顧客は大手の資産運用会社、年金、ヘッジファンド、銀行や保険会社、医療関連事業者などで、上位10社で売上の約15%、単一顧客は5%未満です。同社はソフトウェアの利用料や保守契約に加え、運用代行などの継続的なサービス収入が中心で、こうした契約ベースの反復収入が収益の安定性を支えています。2024年は約27%の売上を北米以外で稼ぎ、国際展開を拡大しています。
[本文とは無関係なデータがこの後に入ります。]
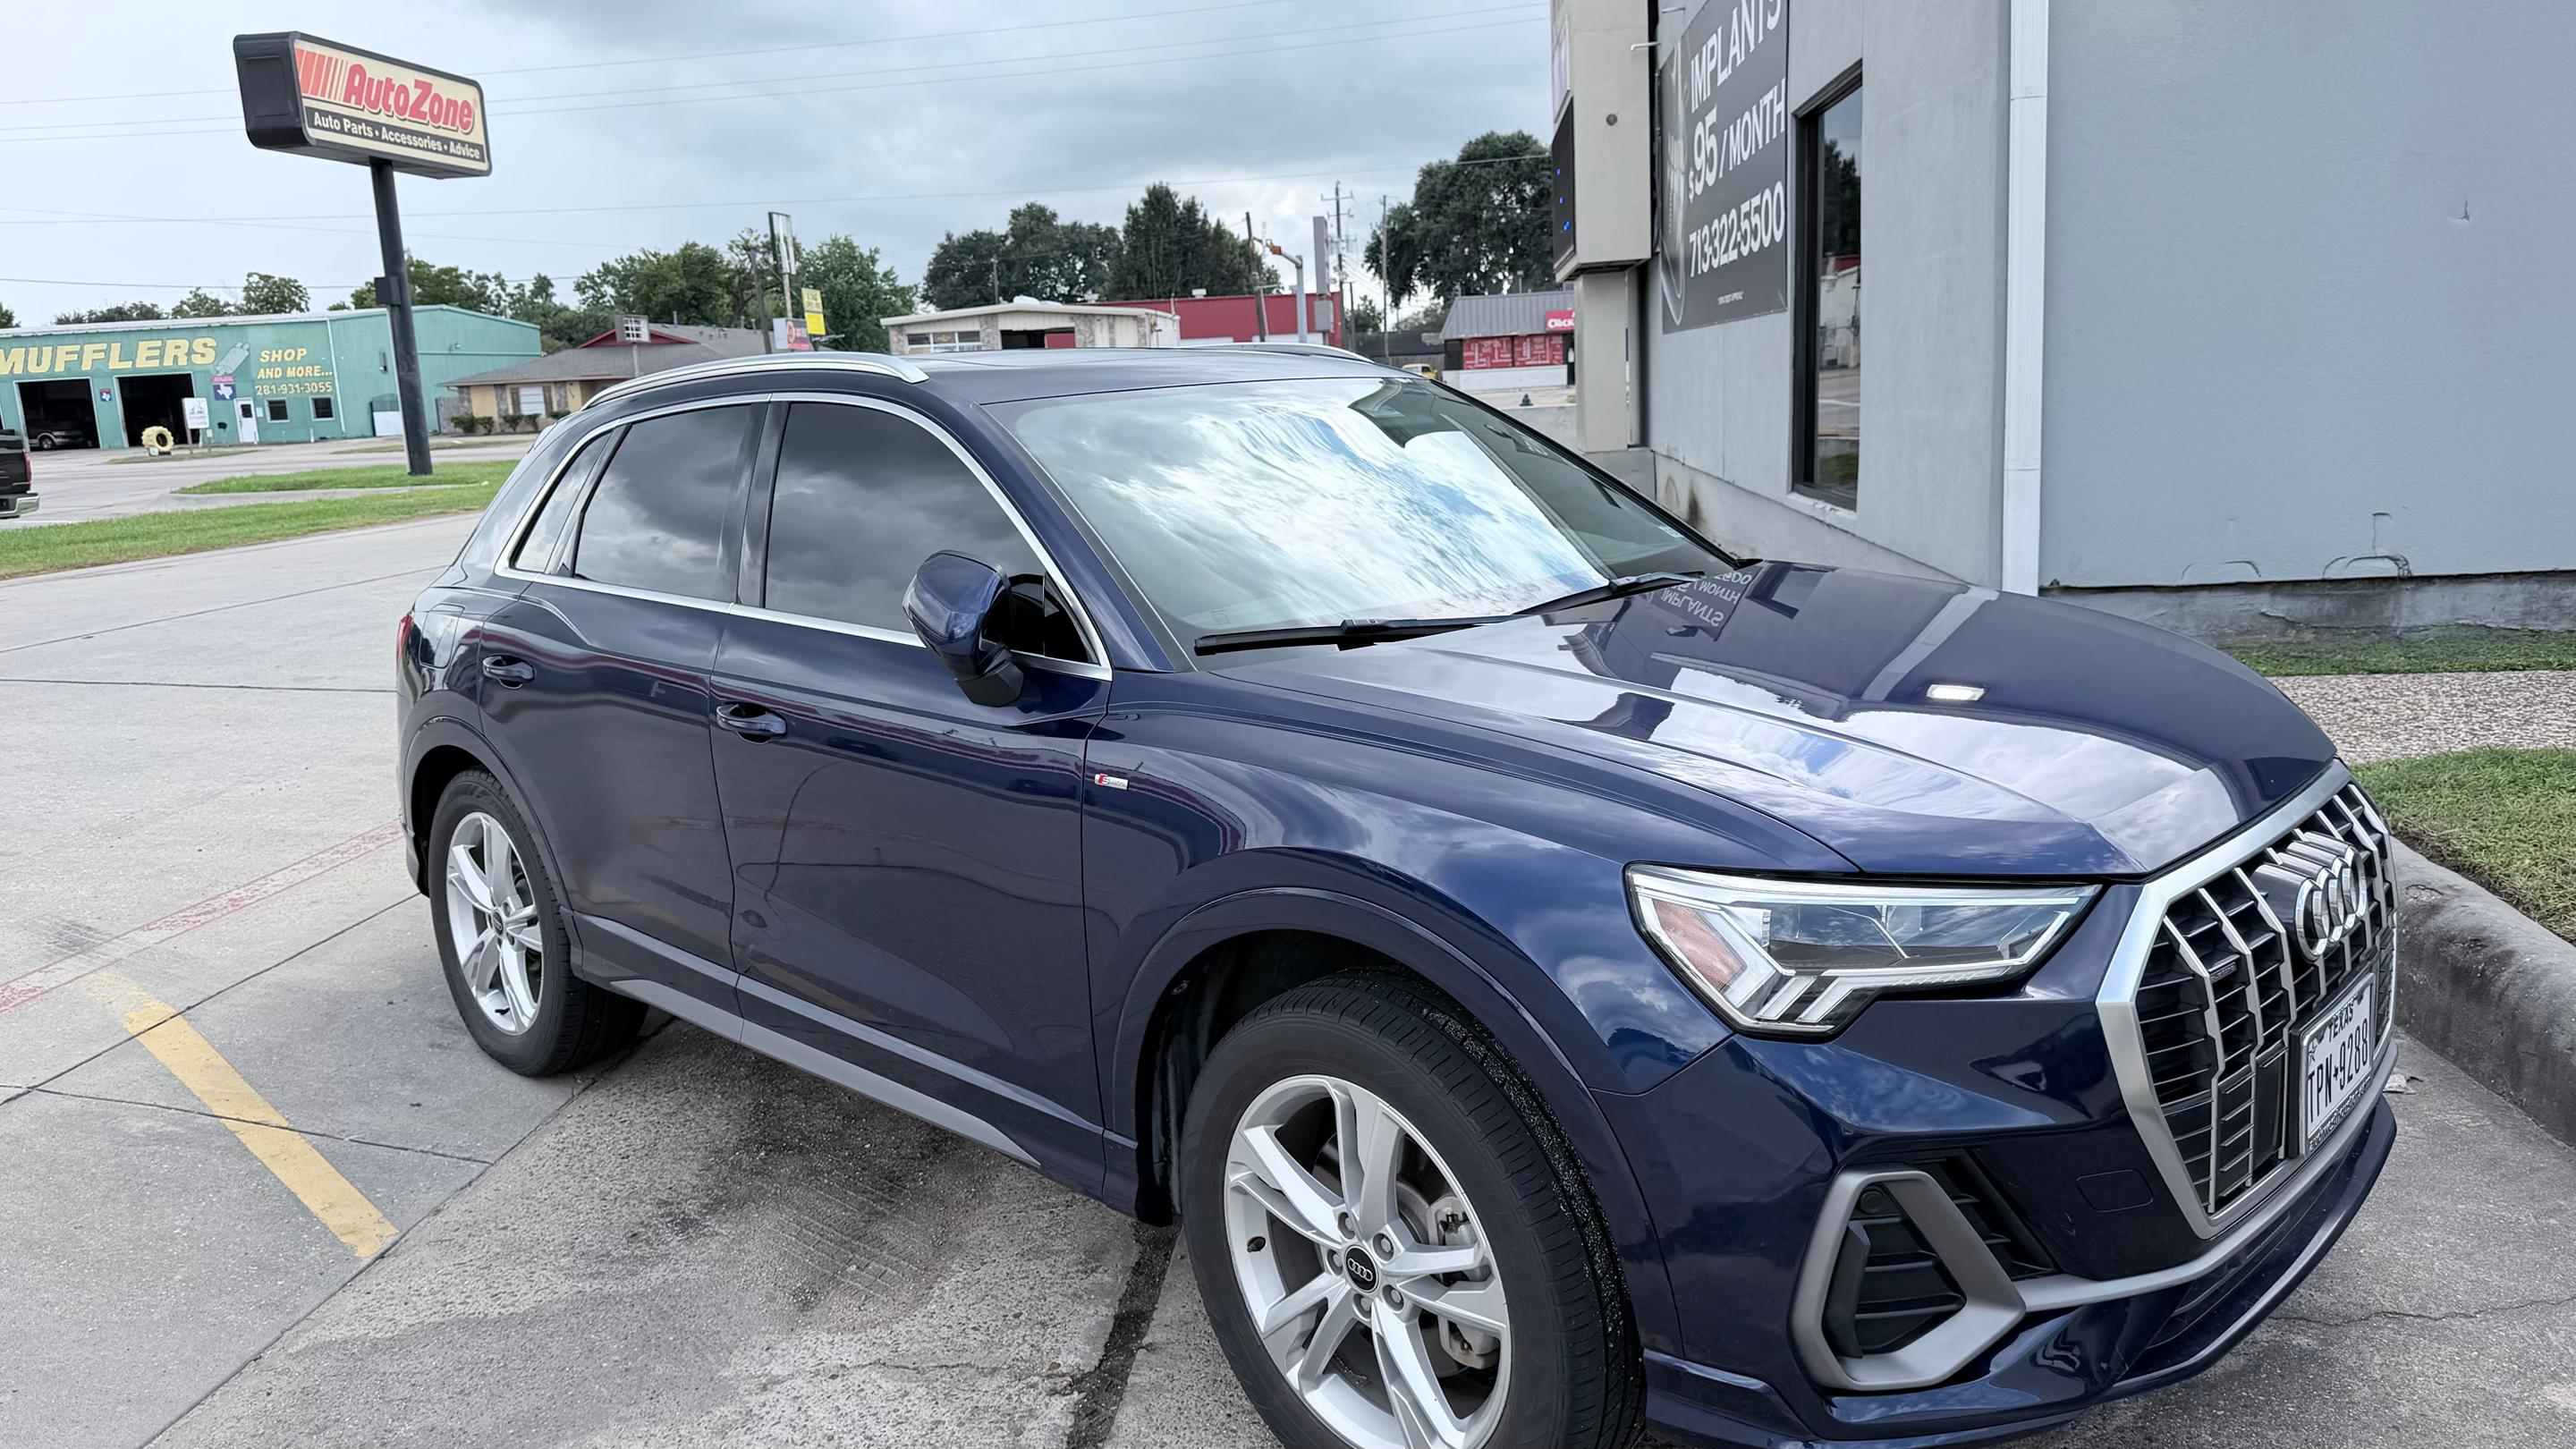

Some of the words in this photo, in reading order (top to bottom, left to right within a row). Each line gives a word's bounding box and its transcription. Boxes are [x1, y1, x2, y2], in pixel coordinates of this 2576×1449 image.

[343, 63, 474, 135] AutoZone
[314, 111, 341, 131] Auto
[343, 118, 374, 138] Parts
[381, 126, 443, 152] Accessories
[449, 143, 480, 160] Advice
[0, 336, 217, 375] MUFFLERS
[257, 367, 283, 379] AND
[259, 348, 308, 363] SHOP
[255, 381, 333, 396] 281-931-3055
[2327, 1004, 2354, 1043] TEXAS
事業はソフトウェア製品とソフトウェアを使ったサービスに大別され、運用管理、ファンド管理、取引・決済、会計・報告、照合や規制対応、医療の請求処理などを提供しています。同社は業務の自動化やクラウドサービスを強化し、買収によって機能と顧客基盤を広げており、Blue PrismやAdventなどの大型買収で自動化力や投資管理領域を一層強化しています。
経営方針
同社は成長に向け、ソフトウエアと「ソフトウエアを軸にしたサービス(software-enabled services)」の拡大を軸に収益の拡大とマージン改善を目指しています。直近では2024年の売上において北米以外の顧客が占める比率は27%であり、ソフトウエアを軸にしたサービス売上は2022年の約42.7億ドルから2024年には約48.4億ドルに拡大しました。同社はこれらの契約型で安定的な再現収入を強みに、エンドツーエンドの付加価値の高いソリューションでプレミアム価格設定を実現し、運用レバレッジと自動化によるマージン拡大を図ることを目指しています。
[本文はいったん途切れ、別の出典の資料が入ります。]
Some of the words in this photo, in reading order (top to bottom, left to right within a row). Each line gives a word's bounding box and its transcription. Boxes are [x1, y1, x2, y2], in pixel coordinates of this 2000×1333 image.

重点投資分野としては、研究開発と業務の自動化に集中しています。2024年度の研究開発費は約5.18億ドル、資本化したソフトウエア投資は約1.94億ドルに達しており、多職種チームによる定期的な製品改良(年度中に主要製品の大型リリースを行うことが通例)で差別化を図っています。併せて人手作業の削減や業務効率化のために、ロボティック・プロセス・オートメーション(RPA)分野のBlue Prism買収の技術を取り込み、従来の会計や処理業務の自動化を進めて付加価値サービスとして提供することで競合との差をつけています。
新市場開拓と事業拡大では、特に国際展開と既存顧客への深掘りを重視しています。同社は北米外の売上比率を高めるために国際拠点の強化を進めており、アジア太平洋地域の売上は過去3年間で18.4%増加し2024年には3.058億ドルに達しました。買収戦略も成長の中核で、1995年以降で67件の買収実績があり、Battea(2024年9月、約6.71億ドル)やBlue Prism(2022年3月、約16.45億ドル)などの事例を通じて市場や顧客基盤、知的財産を獲得し、既存の営業網でクロスセルすることで短期的に収益化する方針です。
技術革新への取り組みは、製品開発・エンジニアリング投資と実務への技術適用の両面で進められています。個別製品の品質管理と全社的な製品統合計画を整備し、マーケティングやサポートと密接に連携して市場ニーズを取り込む体制を整えています。さらに、クラウドネイティブなプラットフォーム開発やRPAの活用によりサービス提供の自動化を進め、人的コストを変動費化するとともに、より高い付加価値を提供して収益性を高めることを目指しています。